**Task to complete**
All of the data is to be set down again without alteration.

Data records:
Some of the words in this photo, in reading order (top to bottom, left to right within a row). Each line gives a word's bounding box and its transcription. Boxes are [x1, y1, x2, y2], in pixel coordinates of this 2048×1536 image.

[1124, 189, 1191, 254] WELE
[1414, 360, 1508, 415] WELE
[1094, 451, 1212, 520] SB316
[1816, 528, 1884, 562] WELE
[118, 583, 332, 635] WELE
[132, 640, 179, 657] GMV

**Answer to this task**
Some of the words in this photo, in reading order (top to bottom, left to right within a row). Each line gives a word's bounding box and its transcription. Boxes are [x1, y1, x2, y2], in pixel coordinates of this 2048×1536 image.

[1124, 189, 1191, 254] WELE
[1414, 360, 1508, 415] WELE
[1094, 451, 1212, 520] SB316
[1816, 528, 1884, 562] WELE
[118, 583, 332, 635] WELE
[132, 640, 179, 657] GMV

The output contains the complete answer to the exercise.